Je verrouillai la porte du bureau de l'intérieur. Je ne voulais pas prendre le risque de montrer l'Espérance à n'importe qui, même à ses anciens membres d'équipage.

- Comment va-t-on sortir demanda Tochiro ? Il n'y a qu'une porte.

Pour toute réponse, je transmis quelques codes via la console de contrôle de l'ordinateur du bureau. Quelques instants après, un bout de mur nu anodin laissa apparaître un passage large de 2 mètres environ. Des lumières fixées régulièrement s'allumèrent les unes après les autres dans ce couloir silencieux.

Assez efficace mon système de camouflage holographique. J'en suis content. Mais allons explorer la cathédrale de Kadesh…

Je précédai mes invités dans un immense escalier qui s'enfonçait dans la terre. L'atmosphère était respirable, mais un peu froide et sèche. L'escalier s'arrêta, puis on s'engagea dans un couloir, aux parois métalliques. Parfois, on devinait des inscriptions ou autre chose, mais le temps et la guerre avaient fait leur œuvre.

- Où sommes nous ? Finit par demander Tochiro
- Actuellement, nous venons de passer le 7ème compartiment de la tranche Echo. Troisième pont, au dessus de la salle des réacteurs secondaires. Suivez le guide…
- Nous sommes dans … le vaisseau ???

Pour protéger la mine et ses habitants, j'avais fait enterrer au maximum l'Espérance. Une partie de ses entrailles avait servi à la construction des autres installations, mais tout le reste dormait au plus profond de Kadesh. Le vaisseau était là, sous nos pieds. Au fur et à mesure de notre progression, Harlock et Tochiro remarquèrent plusieurs objets de la vie quotidienne jetés par terre.

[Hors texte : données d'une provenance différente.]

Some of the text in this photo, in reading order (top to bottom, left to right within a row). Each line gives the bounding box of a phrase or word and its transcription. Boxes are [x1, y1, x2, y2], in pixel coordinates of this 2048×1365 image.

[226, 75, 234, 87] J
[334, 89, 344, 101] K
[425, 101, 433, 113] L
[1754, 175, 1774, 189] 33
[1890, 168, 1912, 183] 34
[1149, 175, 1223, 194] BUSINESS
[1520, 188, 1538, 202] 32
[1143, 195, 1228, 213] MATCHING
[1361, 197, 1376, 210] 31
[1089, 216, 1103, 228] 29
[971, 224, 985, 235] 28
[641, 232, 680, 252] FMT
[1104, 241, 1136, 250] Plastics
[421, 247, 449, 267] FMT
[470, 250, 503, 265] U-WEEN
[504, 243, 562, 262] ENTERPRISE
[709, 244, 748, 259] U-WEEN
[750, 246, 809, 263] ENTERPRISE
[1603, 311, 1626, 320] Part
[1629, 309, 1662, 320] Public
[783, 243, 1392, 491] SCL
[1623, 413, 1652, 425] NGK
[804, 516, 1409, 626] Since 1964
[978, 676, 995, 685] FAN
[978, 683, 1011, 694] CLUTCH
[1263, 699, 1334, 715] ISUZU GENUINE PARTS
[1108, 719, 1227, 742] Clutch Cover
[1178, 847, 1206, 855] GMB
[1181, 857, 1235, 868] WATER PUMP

Ça et la un stylo, un cahier, un registre, voire une arme donnaient un aspect de vaisseau fantôme ou de … tombe.

Soudain, une paire de botte, sans son ancien occupant. Harlock et Tochiro s'arrêtèrent devant les restes du soldat.

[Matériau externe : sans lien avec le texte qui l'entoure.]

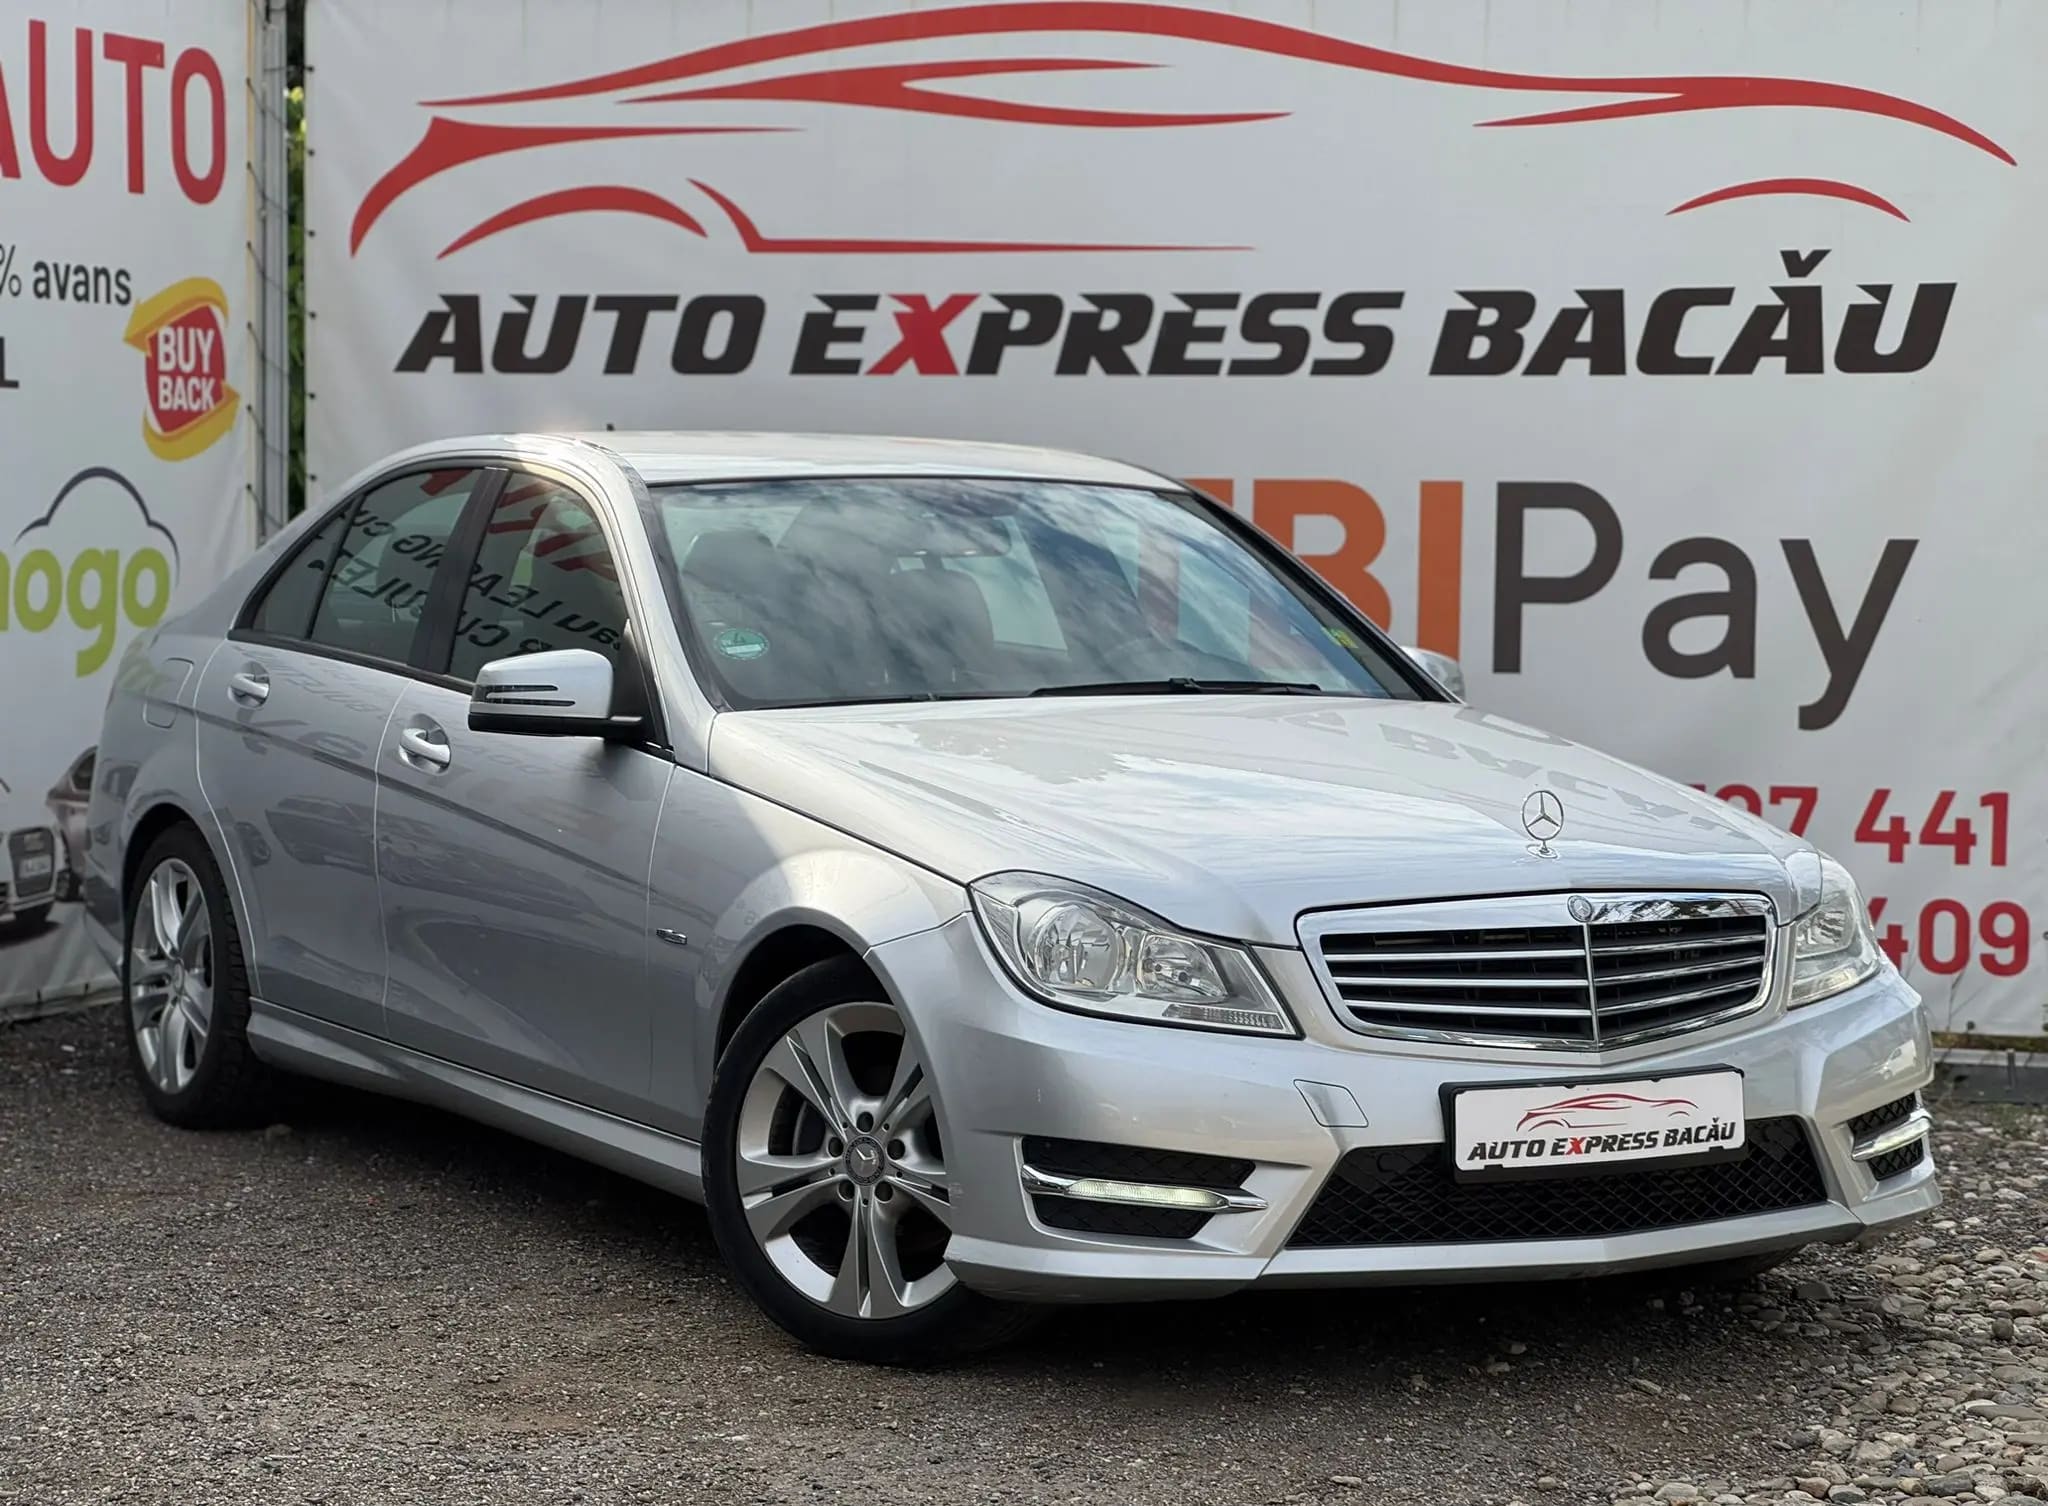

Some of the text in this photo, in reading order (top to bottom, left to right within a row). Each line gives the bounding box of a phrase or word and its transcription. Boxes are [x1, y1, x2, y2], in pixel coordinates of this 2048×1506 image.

[33, 260, 132, 305] avans
[393, 249, 1958, 377] AUTO EXPRESS BACĂU
[157, 326, 215, 372] BUY
[158, 376, 216, 411] BACK
[0, 547, 170, 677] ogo
[1854, 787, 2010, 867] 441
[1467, 1116, 1736, 1160] AUTO EXPRESS BACĂU

- Je n'ose pas trop toucher ce qui reste ici. J'éprouve un profond respect pour ceux qui sont morts lors de la bataille. Je songe à laisser cet endroit dans cet état, comme un sanctuaire. Les pertes furent horribles. Au moins 600 morts.
- 600 personnes ? demanda Harlock.

Nous étions arrivés dans la coursive centrale, au milieu du vaisseau. Les deux grandes portes que nous voyions à droite et à gauche étaient autrefois les portes d'accès principales. Sur les cloisons blindées poussiéreuses, une plaque attira l'attention d'Harlock.

Flotte Royale de Sélènia
Vaisseau Amiral de première classe l'Espérance
Lancé le 8 janvier 2976
45 officiers
360 officiers mariniers
250 quartiers maîtres et matelots
20 mousses et aides
4 réacteurs à Elérium
Système de navigation extra dimensionnel Simpa 1-B v2976
Commandants :
Capitaine Bruma Simpa – 2976 à …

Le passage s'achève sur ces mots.